Так я пытался себя утешить, стоя под дождем перед библиотекой, пока прохожие спешили мимо. В конце концов, разве не для этого брат обучил меня такому ремеслу? Он знал, что я не смогу вечно оставаться невидимкой. «Покажи мне еврея, который научился выживать, — сказал он однажды, пока я смотрел, как замок поддается его рукам, — и я покажу тебе волшебника».
Я стоял на улице, и дождь лил мне за шиворот. Я крепко зажмурил глаза. Дверь открылась, а за ней еще одна, а потом еще, и еще, и еще.

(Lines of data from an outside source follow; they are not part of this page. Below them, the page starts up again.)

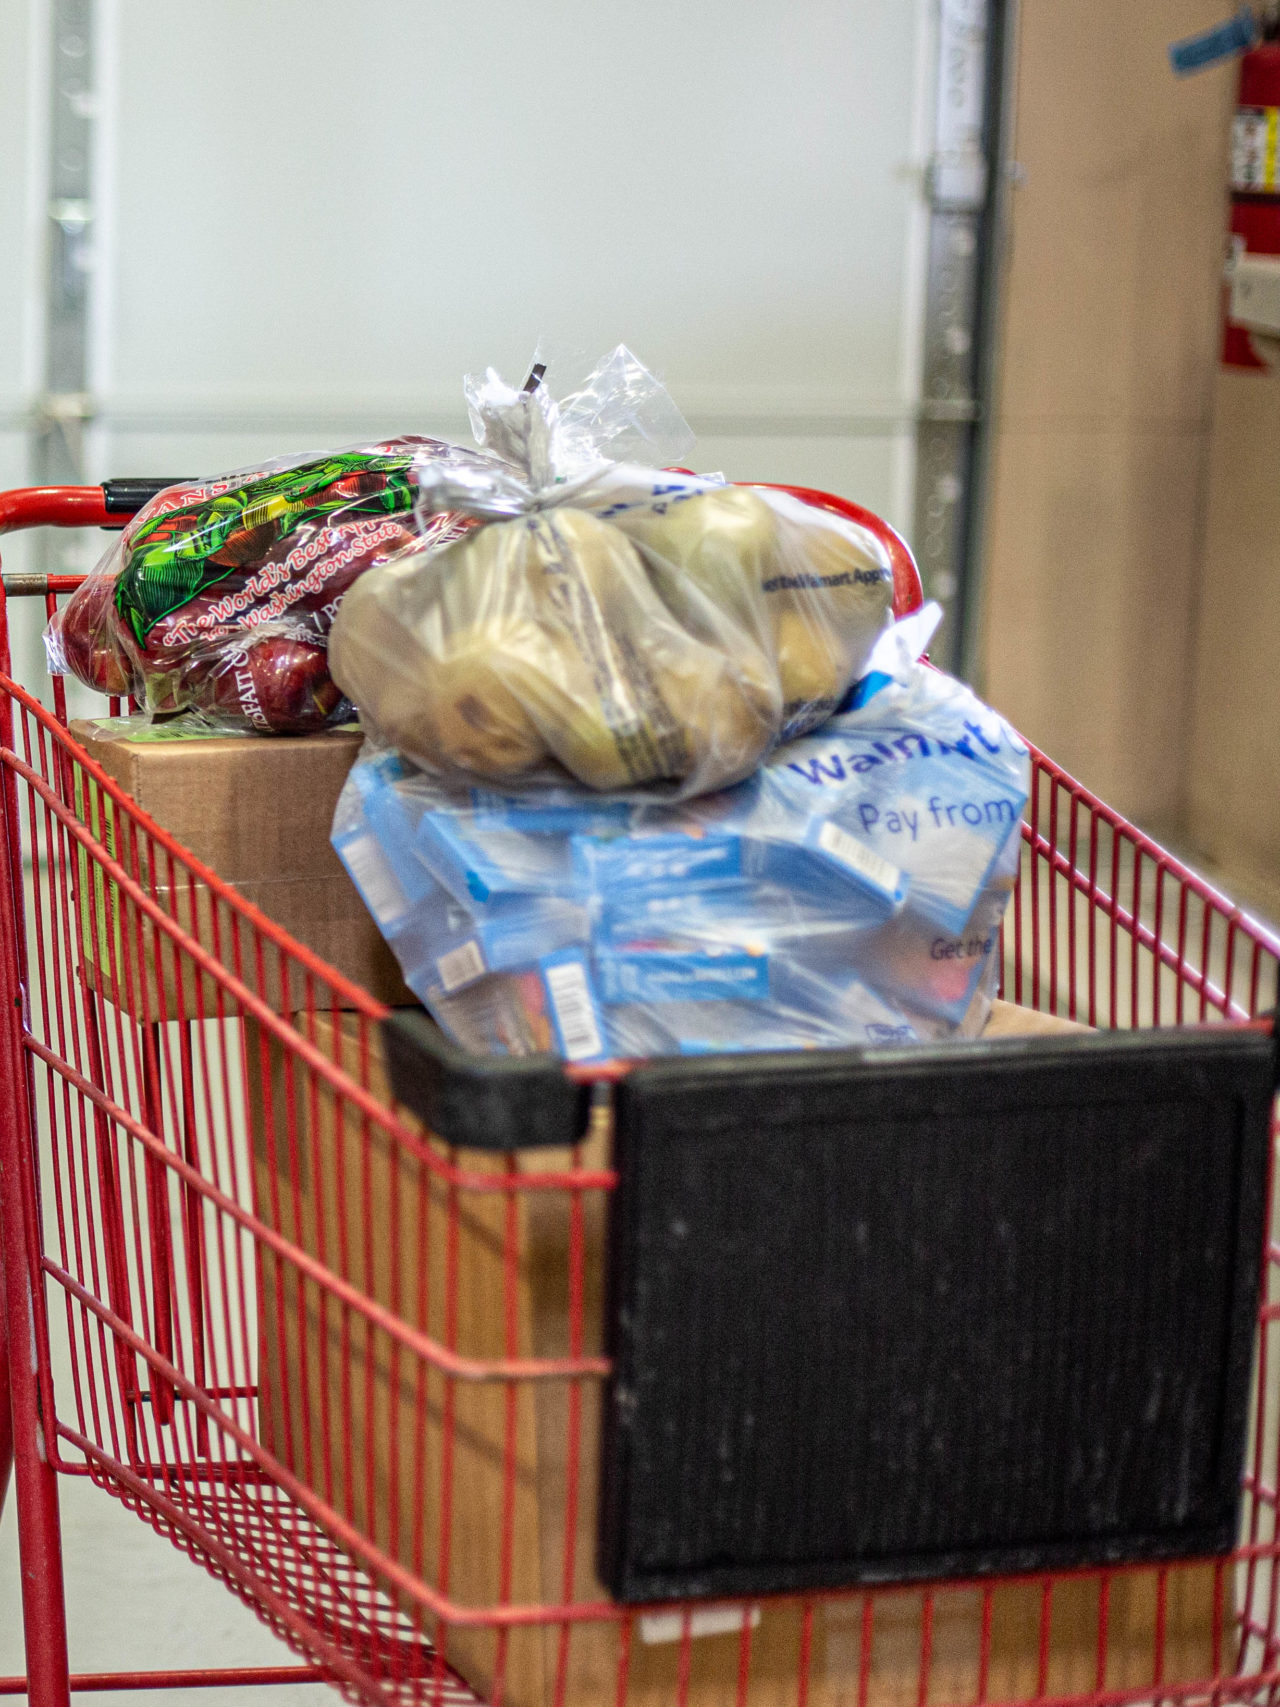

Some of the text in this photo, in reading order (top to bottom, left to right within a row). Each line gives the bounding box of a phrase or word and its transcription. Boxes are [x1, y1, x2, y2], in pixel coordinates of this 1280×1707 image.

[287, 526, 335, 574] Best
[237, 547, 354, 631] Washington
[351, 522, 404, 558] State
[787, 719, 1001, 786] Walmt
[858, 796, 1018, 842] Pay from
[929, 936, 964, 961] Get

После библиотеки, после разочарования с «Невероятными фантастическими приключениями Фрэнки, беззубой чудо-девочки», я пришел домой. Снял пальто и повесил его сушиться. Поставил греться воду. Позади меня кто-то кашлянул. Я чуть до потолка не подскочил. Но это был всего лишь сидевший в темноте Бруно.

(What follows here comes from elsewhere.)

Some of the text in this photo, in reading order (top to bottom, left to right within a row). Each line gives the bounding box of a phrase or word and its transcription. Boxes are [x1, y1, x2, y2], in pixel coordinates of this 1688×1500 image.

— Ты что, с ума меня свести хочешь? — закричал я, включая свет. По полу были разбросаны страницы книги, которую я написал в юности. — О нет, — произнес я. — Это не…
Он не дал мне договорить.
— Неплохо, — сказал он. — Только я бы не так ее описал. Но что я могу сказать? Это твое дело.
— Послушай… — начал я.
— Не надо мне ничего объяснять, — ответил Бруно. — Это хорошая книга. Мне нравится, как она написана. За исключением тех кусков, которые ты украл, очень изобретательно. Если говорить о чисто литературных аспектах… — я не сразу понял. Он говорил со мной на идише, — о чисто литературных аспектах, что тут может не нравиться? И вообще, мне всегда было интересно, над чем ты работал. Теперь, спустя столько лет, я знаю.
— А мне было интересно, над чем работал ты, — ответил я, вспоминая давно ушедшее время, когда нам обоим было по двадцать и оба хотели стать писателями.

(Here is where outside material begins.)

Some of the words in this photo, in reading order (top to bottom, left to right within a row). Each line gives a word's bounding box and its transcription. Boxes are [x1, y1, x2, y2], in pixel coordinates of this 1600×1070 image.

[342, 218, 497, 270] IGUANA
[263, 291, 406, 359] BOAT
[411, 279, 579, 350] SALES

Бруно пожал плечами, как умел только он:
— Над тем же, над чем и ты.
— Над тем же?
— Конечно, над тем же.
— Над книгой о ней?
— О ней, — сказал Бруно. Он отвернулся и посмотрел в окно. Потом я увидел, что он держит на коленях фотографию, ту, где мы с ней стоим около дерева, на котором — она об этом никогда так и не узнала — я вырезал наши инициалы. A+Л. Они едва видны. Но. Они там.
Он сказал:
— Она умела хранить секреты.
И тогда я вспомнил. В тот день, шестьдесят лет назад, когда я в слезах вышел из ее дома, я увидел его. Он стоял под деревом с тетрадкой в руках, дожидаясь, когда я уйду, чтобы пойти к ней. За несколько месяцев до этого мы были лучшими друзьями. Мы полночи не ложились спать, с ним и еще парой других мальчишек, курили и спорили о книгах. И что? К тому времени, когда я увидел его в тот день, мы уже не были друзьями. Мы даже не разговаривали. Я прошел мимо него, как будто его там не было.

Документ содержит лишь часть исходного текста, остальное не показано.